Omitting all images, transcribe the entries word for word.

(Extracted information)

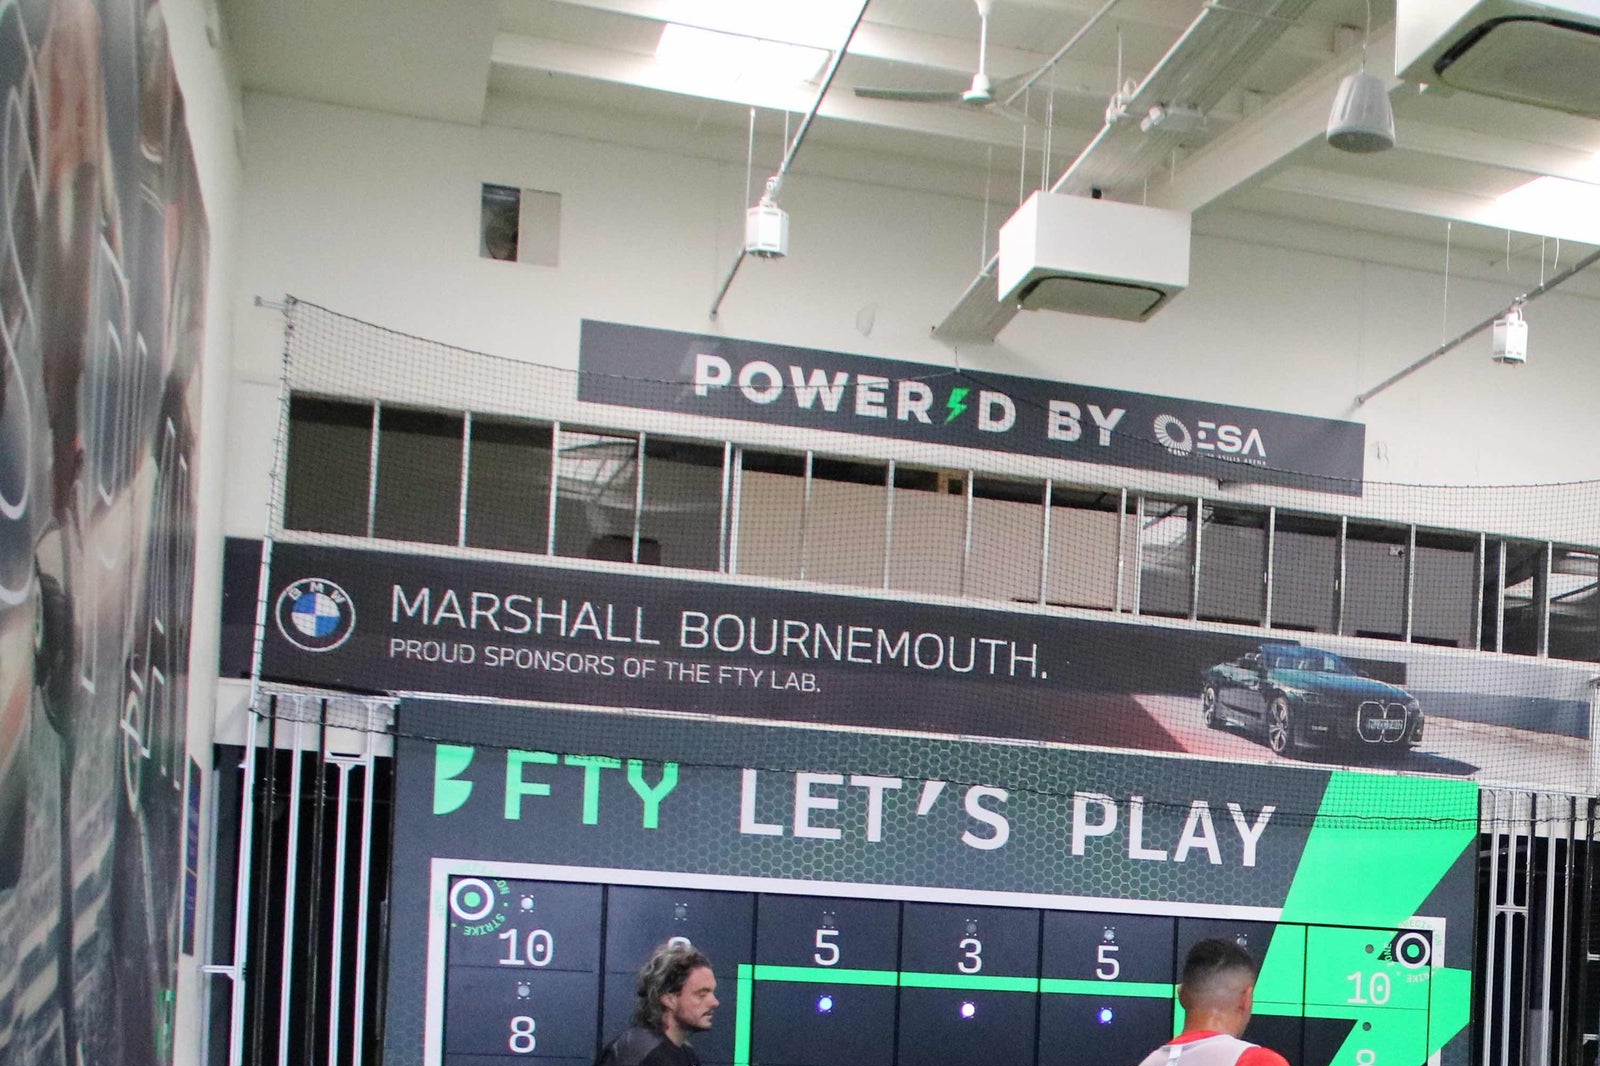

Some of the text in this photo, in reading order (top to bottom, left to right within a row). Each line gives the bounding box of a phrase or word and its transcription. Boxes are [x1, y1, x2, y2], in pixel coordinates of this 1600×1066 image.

[1048, 400, 1126, 447] BY
[391, 584, 1048, 679] MARSHALL BOURNEMOUTH.
[389, 638, 821, 693] PROUD SPONSORS OF THE FTY LAB.
[740, 768, 1010, 851] LET'S
[1071, 790, 1276, 867] PLAY
[499, 928, 554, 967] 10
[814, 930, 840, 966] 5
[957, 938, 983, 974] 3
[1096, 945, 1120, 980] 5
[1347, 971, 1391, 1005] 10
[509, 1016, 536, 1053] 8

(End Extracted information)

:: Answer box ::
Some of the text in this photo, in reading order (top to bottom, left to right within a row). Each line gives the bounding box of a phrase or word and its transcription. Boxes are [x1, y1, x2, y2], in pixel coordinates of this 1600×1066 image.

[1048, 400, 1126, 447] BY
[391, 584, 1048, 679] MARSHALL BOURNEMOUTH.
[389, 638, 821, 693] PROUD SPONSORS OF THE FTY LAB.
[740, 768, 1010, 851] LET'S
[1071, 790, 1276, 867] PLAY
[499, 928, 554, 967] 10
[814, 930, 840, 966] 5
[957, 938, 983, 974] 3
[1096, 945, 1120, 980] 5
[1347, 971, 1391, 1005] 10
[509, 1016, 536, 1053] 8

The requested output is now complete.